- **Exercise aim**: Give all of the data below again exactly, and drop the images.
'''
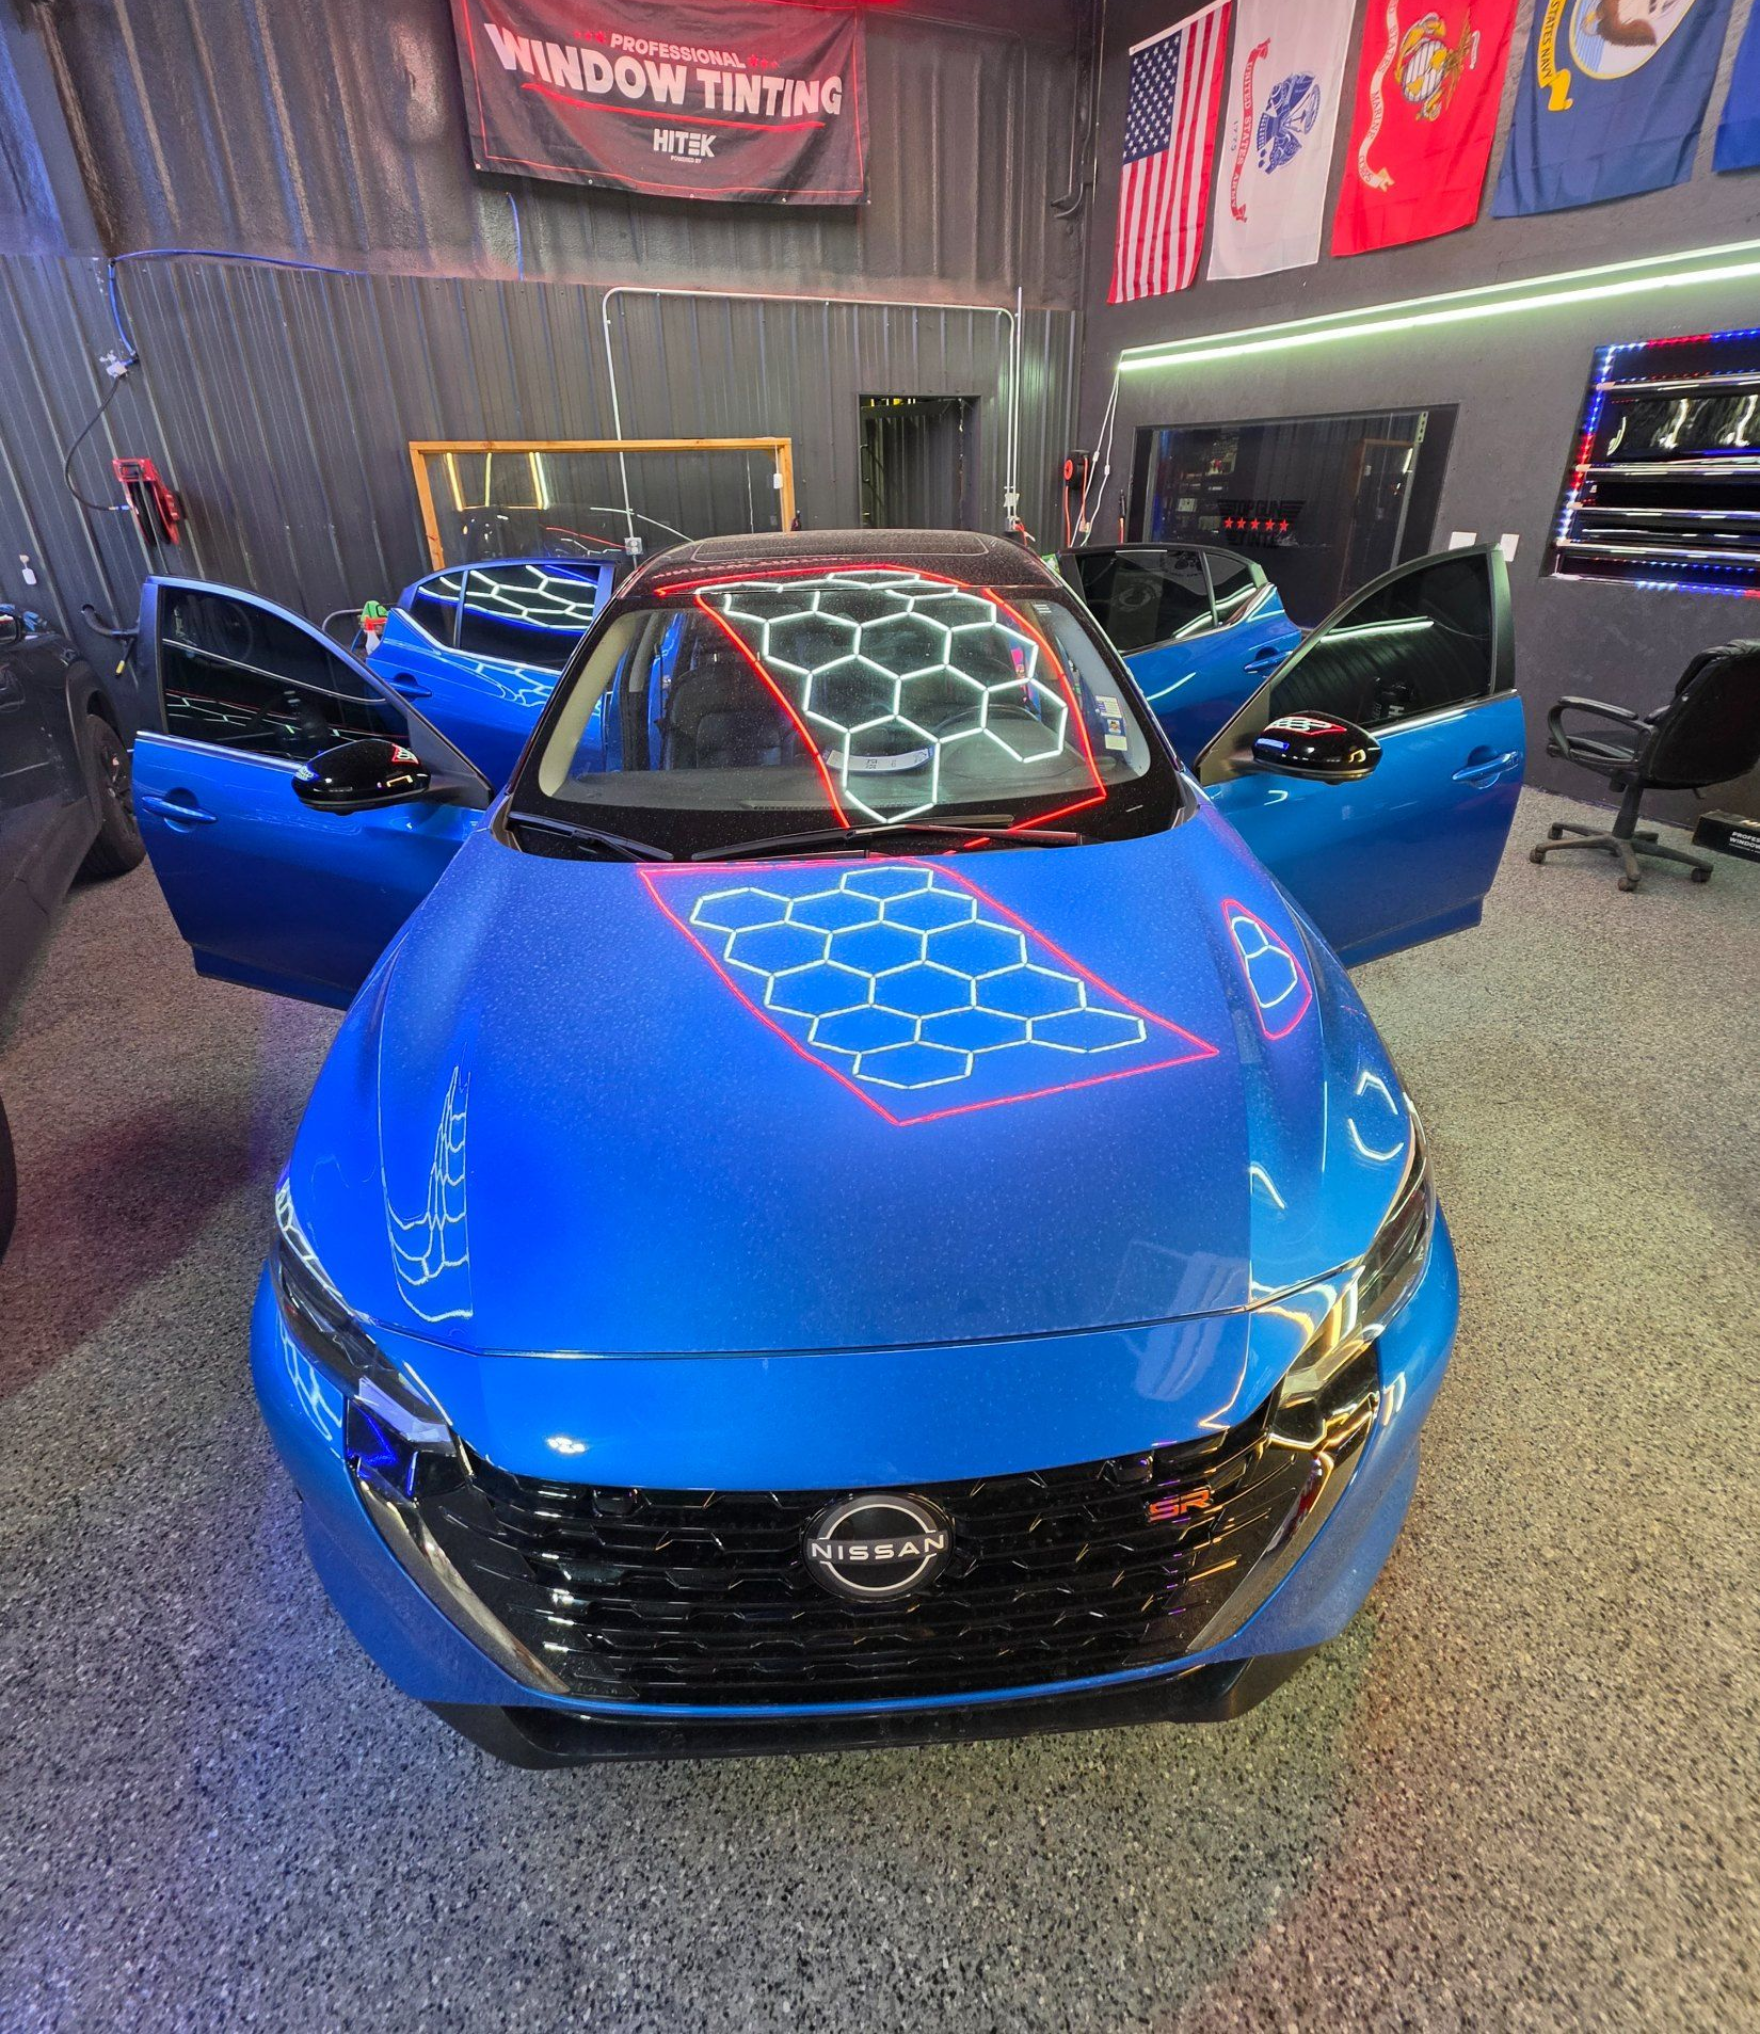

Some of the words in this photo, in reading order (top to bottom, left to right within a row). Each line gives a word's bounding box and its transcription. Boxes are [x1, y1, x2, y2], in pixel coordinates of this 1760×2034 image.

[1542, 0, 1560, 46] STATES
[484, 23, 687, 105] WINDOW
[696, 68, 843, 117] TINTING
[610, 33, 747, 69] PROFESSIONAL
[1378, 24, 1397, 75] STATES
[1539, 48, 1552, 80] NAVY
[1243, 61, 1254, 109] UNITED
[1366, 90, 1381, 140] MARINE
[653, 128, 717, 157] HITEK
[1237, 115, 1252, 165] STATES
[1230, 172, 1240, 208] ARMY
[1147, 1488, 1212, 1523] SR
[811, 1534, 945, 1560] NISSAN
'''
- **Answer box**:
Some of the words in this photo, in reading order (top to bottom, left to right within a row). Each line gives a word's bounding box and its transcription. Boxes are [x1, y1, x2, y2], in pixel coordinates of this 1760×2034 image.

[1542, 0, 1560, 46] STATES
[484, 23, 687, 105] WINDOW
[696, 68, 843, 117] TINTING
[610, 33, 747, 69] PROFESSIONAL
[1378, 24, 1397, 75] STATES
[1539, 48, 1552, 80] NAVY
[1243, 61, 1254, 109] UNITED
[1366, 90, 1381, 140] MARINE
[653, 128, 717, 157] HITEK
[1237, 115, 1252, 165] STATES
[1230, 172, 1240, 208] ARMY
[1147, 1488, 1212, 1523] SR
[811, 1534, 945, 1560] NISSAN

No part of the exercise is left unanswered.